Third, the retraining of employees in current or new skills could be supported by governments so that it incurs minimal overhead costs to the SMEs. This will allow SMEs to make strategic decisions to make full use of all their resources (human, financial, technological) and make practical decisions as to whether to continue in their current business or strategically think of alternative potential products and markets and where to get assistance for promoting the latter. Fourth, digital transformation should be fostered to ensure that SMEs can initiate and maintain individual and collectively develop relationships with their stakeholders through such platforms as WhatsApp, Telegram, MS Teams and Zoom to help them report on the ESGs and contribute to the specific SDGs mentioned in this policy brief.


Despite the critical role played by SMEs in both developed and less developed G20 economies, the multiple challenges they continue to face have made their attainment of specific UN SDGs questionable.

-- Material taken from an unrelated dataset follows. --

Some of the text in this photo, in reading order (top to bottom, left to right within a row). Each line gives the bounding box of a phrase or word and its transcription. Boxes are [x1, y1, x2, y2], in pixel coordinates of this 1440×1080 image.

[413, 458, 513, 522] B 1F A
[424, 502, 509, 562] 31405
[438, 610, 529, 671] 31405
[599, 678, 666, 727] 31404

To resolve the financial and non-financial challenges, all G20 and SME stakeholders should work closely in adopting the three policy areas that we have developed in our proposed framework. It is through the piloting of our proposal in both developed and less developed economies and the continuous and holistic support for SMEs that the reporting of the longer-term ESGs and ability to contribute to the SDGs can not only be achieved but sustained.